Taking him by the arm, she led him from the breakfast room to a terrace overlooking a snowy valley. She moved closer to him in the chill wind that billowed her thin garments around her, and waved her hand at the scene below them.
"This is Earth," she said. "Look at those mountain peaks, the blue sky and the white clouds. In summer, this valley is clothed with green, and warm breezes bring the scent of flowers to this terrace. Have you ever seen anything like this on Mars?"
"No," he said softly. "Mars is always cold and dusty, and the sky is nearly black."
"Cornel," she said softly, you're a great musician. Mars is rough frontier territory, and the frontier has no place for music. Last night you saw what your music could mean here.
"Forget Mars. You belong to Earth."
The meteoric rise of Cornel Lorensse to fame in 2011 and 2012 now commands a full column in the Encyclopaedia Terrestriana.
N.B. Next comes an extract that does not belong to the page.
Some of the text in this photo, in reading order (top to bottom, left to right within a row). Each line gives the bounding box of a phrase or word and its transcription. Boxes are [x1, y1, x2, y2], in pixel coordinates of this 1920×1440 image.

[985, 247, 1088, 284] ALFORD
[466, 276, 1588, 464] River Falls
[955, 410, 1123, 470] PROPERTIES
Brushed off in a single sentence in the encyclopaedia, but much discussed in that day, was his close relationship with Meta Erosine, his patroness.
For half a decade, wealthy, beautiful Meta Erosine had been the toast of Earth. She was an actress, a painter, a singer, a socialite, and she had changed men almost as often as she changed the dresses she wore. Her face was familiar in newspapers and on television screens, her husky songs were on a million recording tapes, her colorful antics were the grist for magazine articles and the subject of denunciations from the pulpit.
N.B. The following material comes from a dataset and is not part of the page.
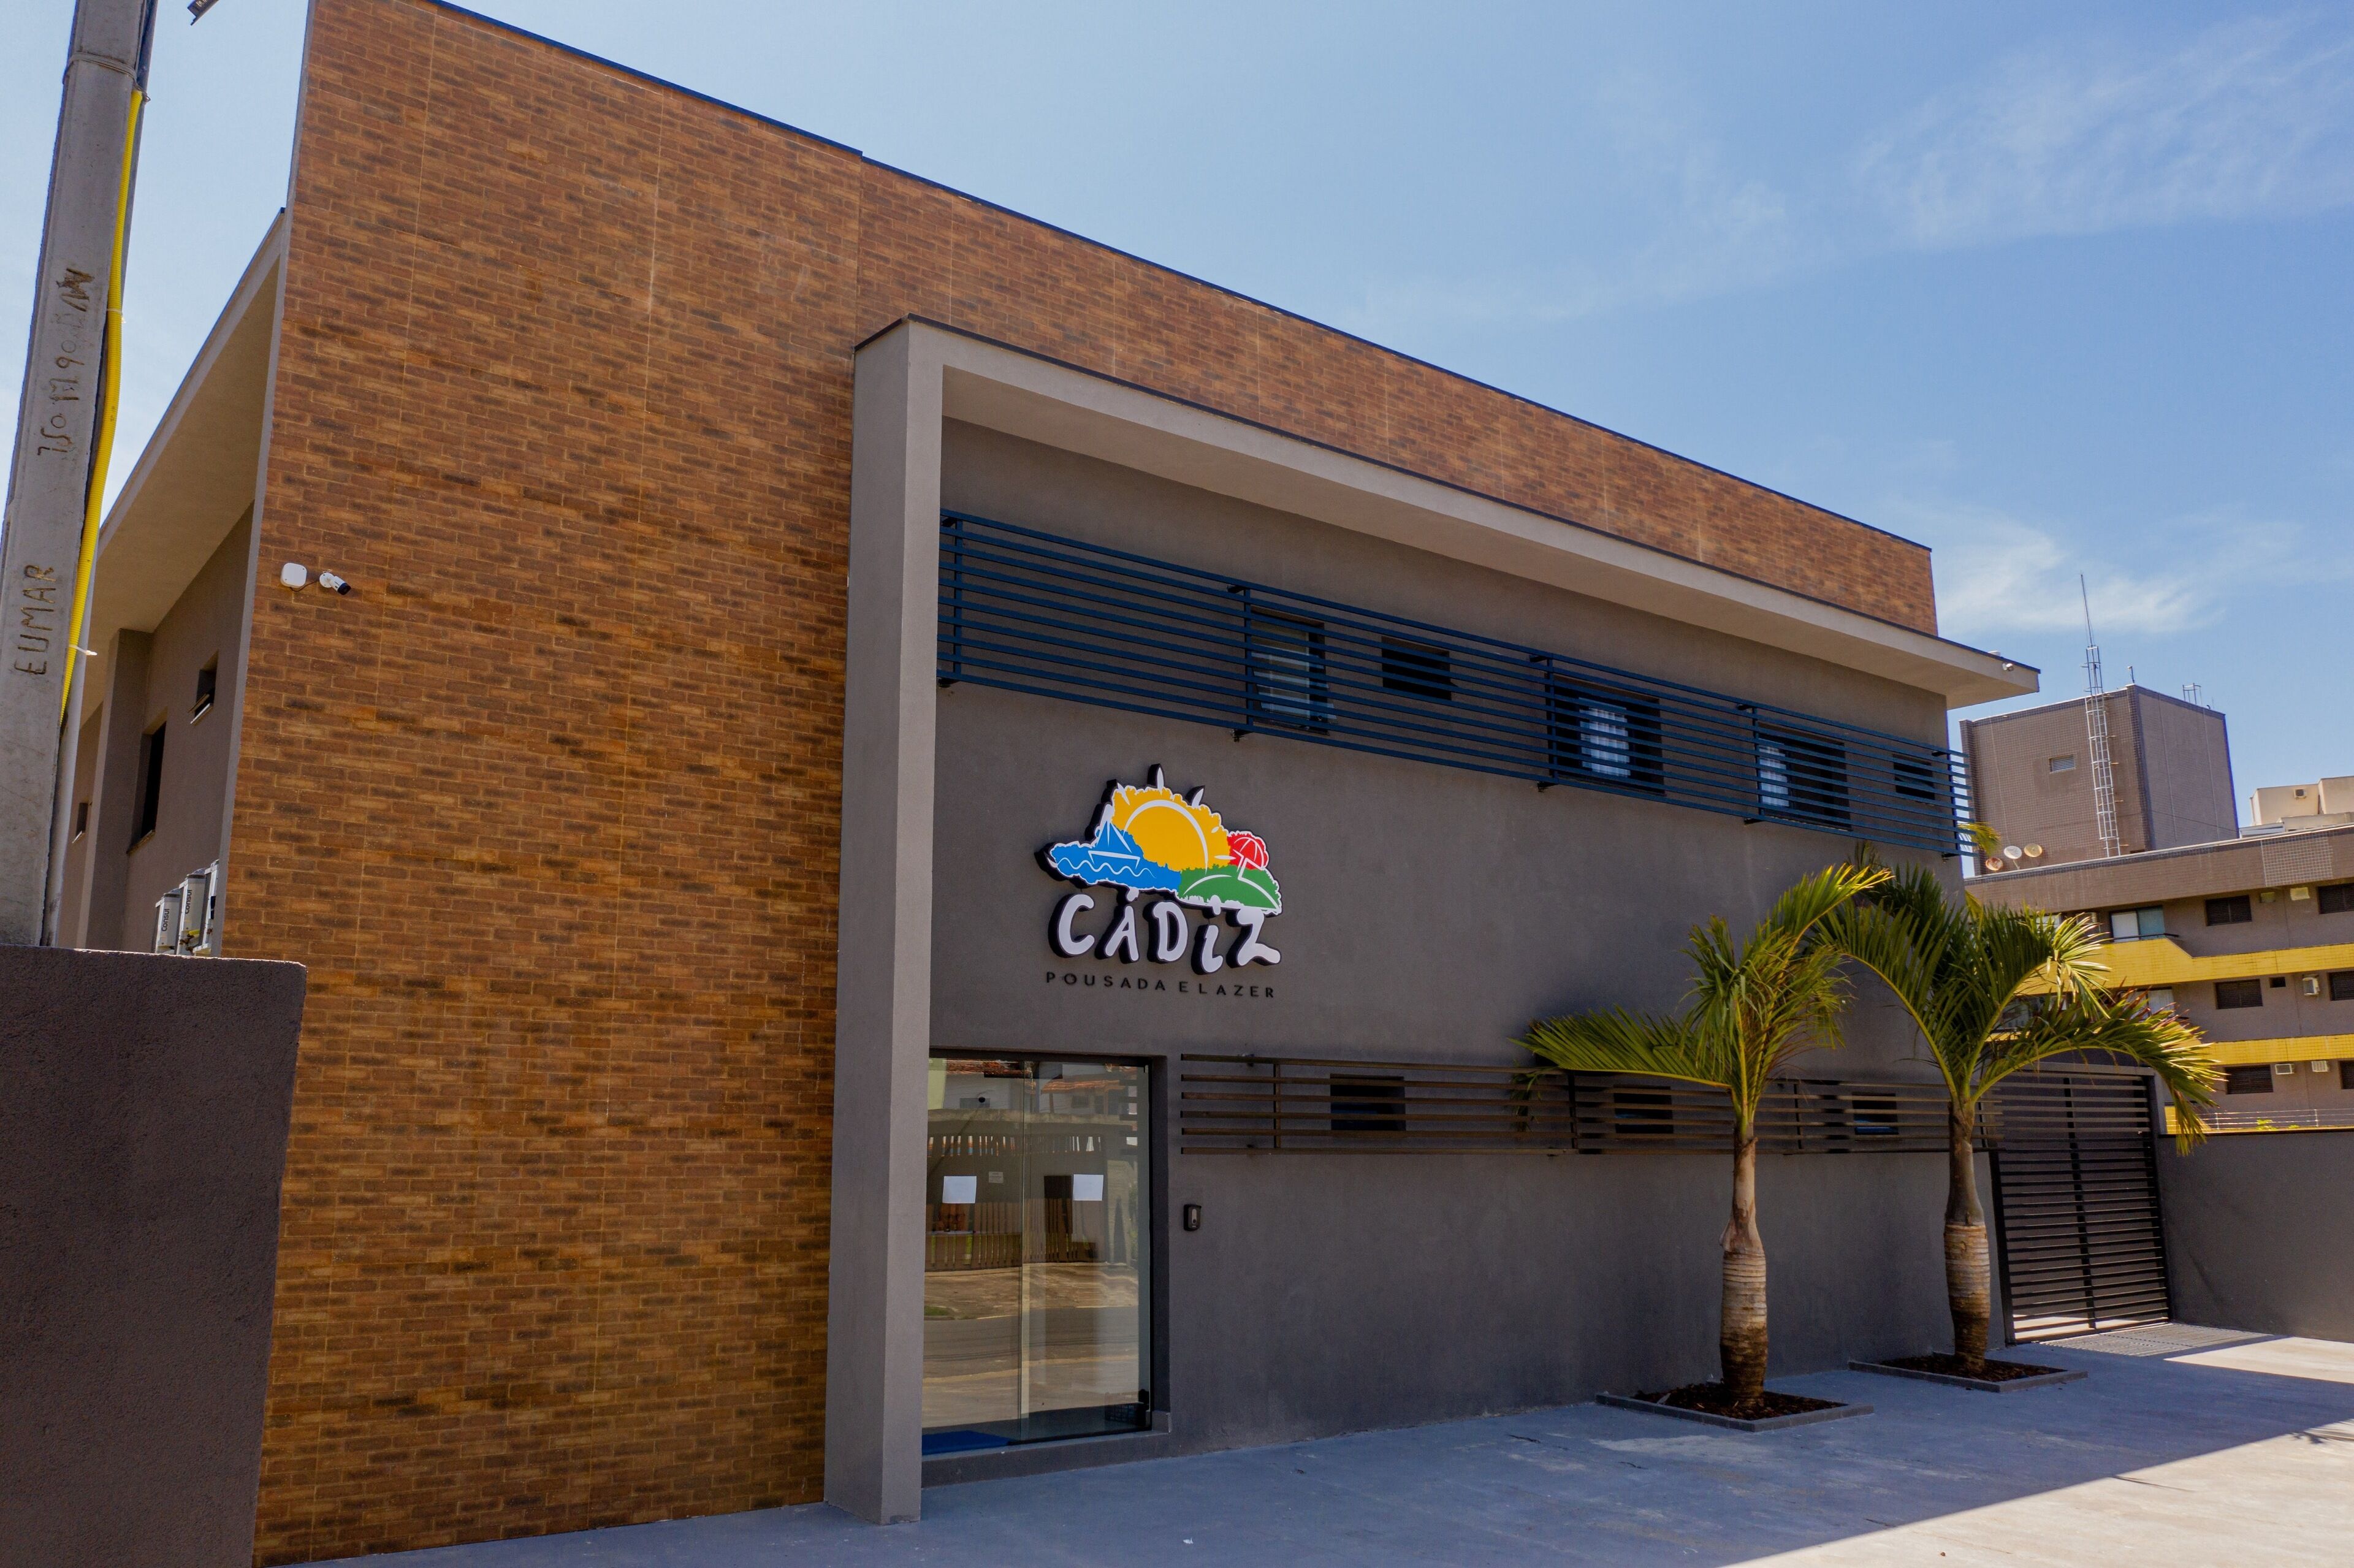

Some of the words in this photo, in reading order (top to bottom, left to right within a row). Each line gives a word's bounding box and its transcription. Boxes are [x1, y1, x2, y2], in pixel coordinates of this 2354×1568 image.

In Cornel she seemed to have found a vehicle for all the burning fire of her energy. She pushed him, she groomed him, she threw the power of her wealth behind him. His slender figure clad in a black velvet suit sat at polished pianos on a hundred stages; and for each concert, the auditoriums and the audiences were bigger.
Meta was with him on these concert tours; and between tours he stayed in seclusion at the big house in Jersi, putting into music his memories of his native Mars. Each tour introduced to the world the new compositions of Cornel Lorensse.
What he wrote and played was the haunting music of the deserts, the canals and the marches. Into his music he poured the loneliness of the red sands and the violence of the desert winds, the beauty of sable skies jeweled with enormous stars, the happiness of the helmeted traveler when he reaches the green valleys of the canals, the hopes and joys of human lovers gathered in bubble-like domes amid the chill wastelands.
He did not, as Meta had wanted to, give his compositions French titles. He named them as he would have named them on Mars: The Desert Wanderer, Swift Phobos, Marsh Gardens, names that were strange to Earth, but were familiar themes of his own people.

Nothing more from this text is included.